**THE PROBLEM:** Please, without the pictures, restate every entry exactly.

(TASK MATERIAL begins)

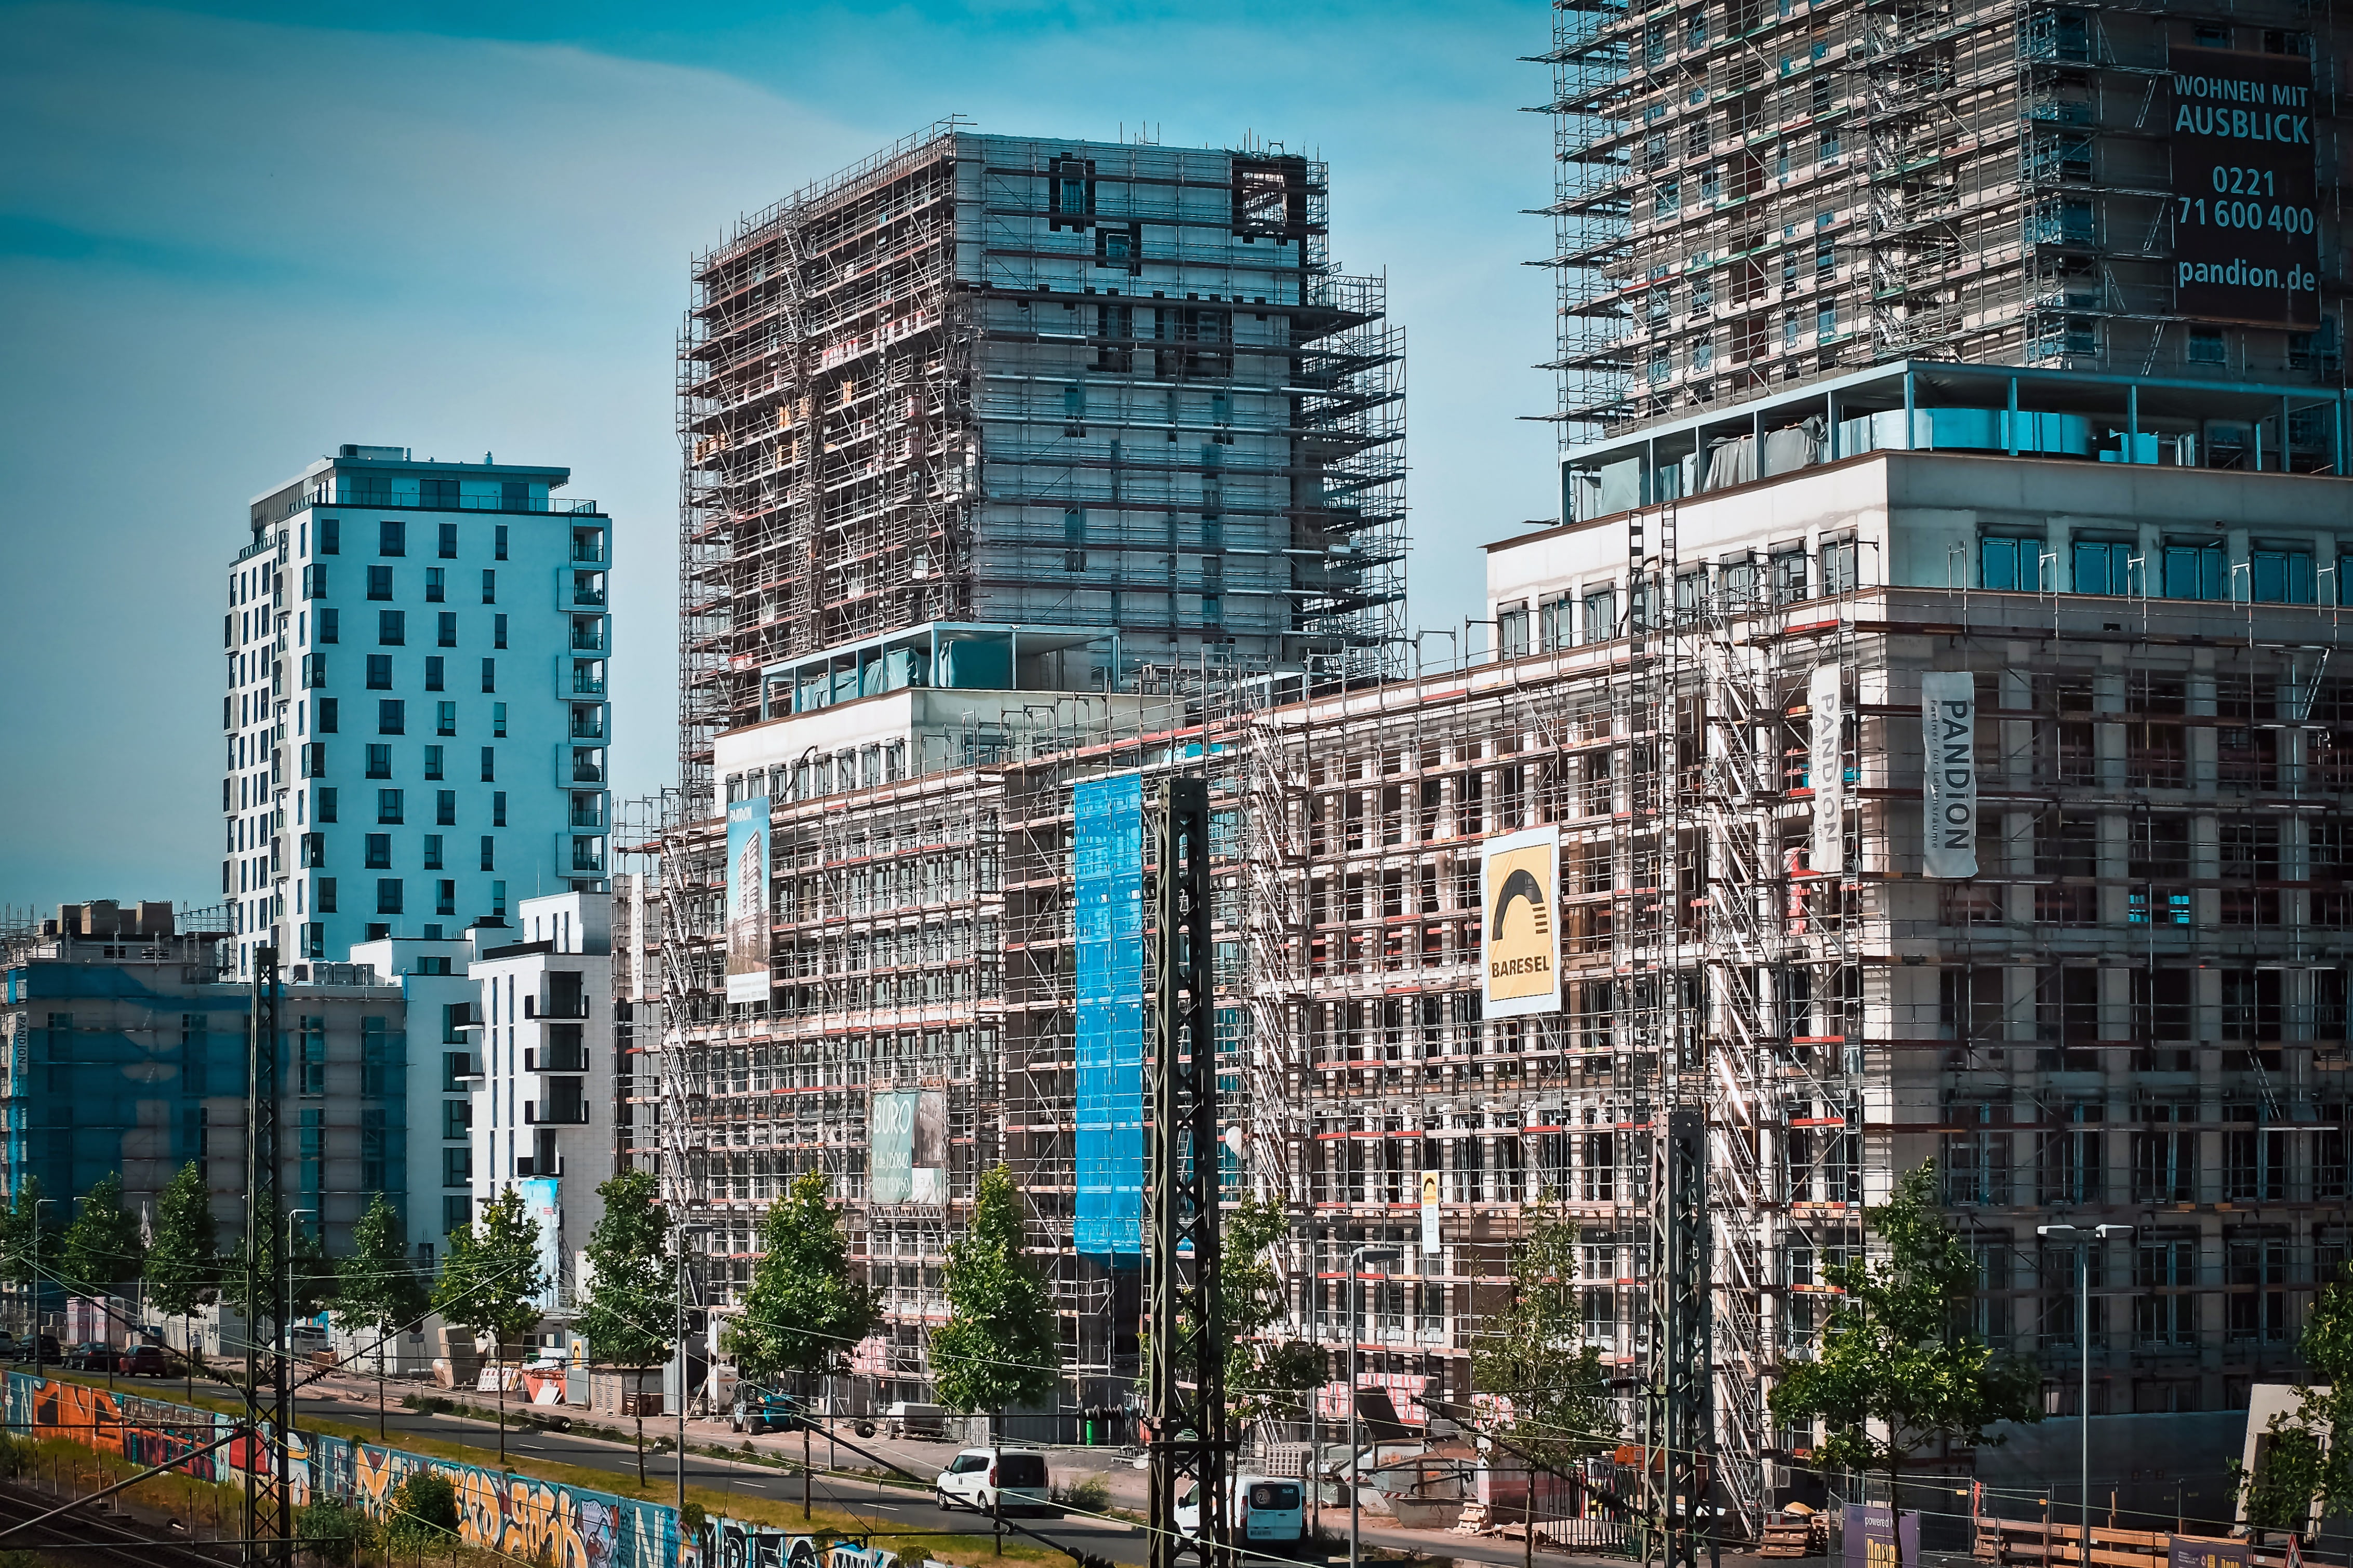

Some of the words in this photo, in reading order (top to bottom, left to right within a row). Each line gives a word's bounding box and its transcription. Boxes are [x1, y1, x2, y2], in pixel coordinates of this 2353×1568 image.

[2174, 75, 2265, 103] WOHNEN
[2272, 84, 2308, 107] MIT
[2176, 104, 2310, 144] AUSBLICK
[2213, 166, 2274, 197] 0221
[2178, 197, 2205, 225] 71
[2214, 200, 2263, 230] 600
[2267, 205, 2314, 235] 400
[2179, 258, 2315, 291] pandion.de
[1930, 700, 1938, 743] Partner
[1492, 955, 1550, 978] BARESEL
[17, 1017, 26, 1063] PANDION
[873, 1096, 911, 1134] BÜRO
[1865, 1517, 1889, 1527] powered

(TASK MATERIAL ends)

**RESPONSE TO THIS TASK:**
Some of the words in this photo, in reading order (top to bottom, left to right within a row). Each line gives a word's bounding box and its transcription. Boxes are [x1, y1, x2, y2], in pixel coordinates of this 2353×1568 image.

[2174, 75, 2265, 103] WOHNEN
[2272, 84, 2308, 107] MIT
[2176, 104, 2310, 144] AUSBLICK
[2213, 166, 2274, 197] 0221
[2178, 197, 2205, 225] 71
[2214, 200, 2263, 230] 600
[2267, 205, 2314, 235] 400
[2179, 258, 2315, 291] pandion.de
[1930, 700, 1938, 743] Partner
[1492, 955, 1550, 978] BARESEL
[17, 1017, 26, 1063] PANDION
[873, 1096, 911, 1134] BÜRO
[1865, 1517, 1889, 1527] powered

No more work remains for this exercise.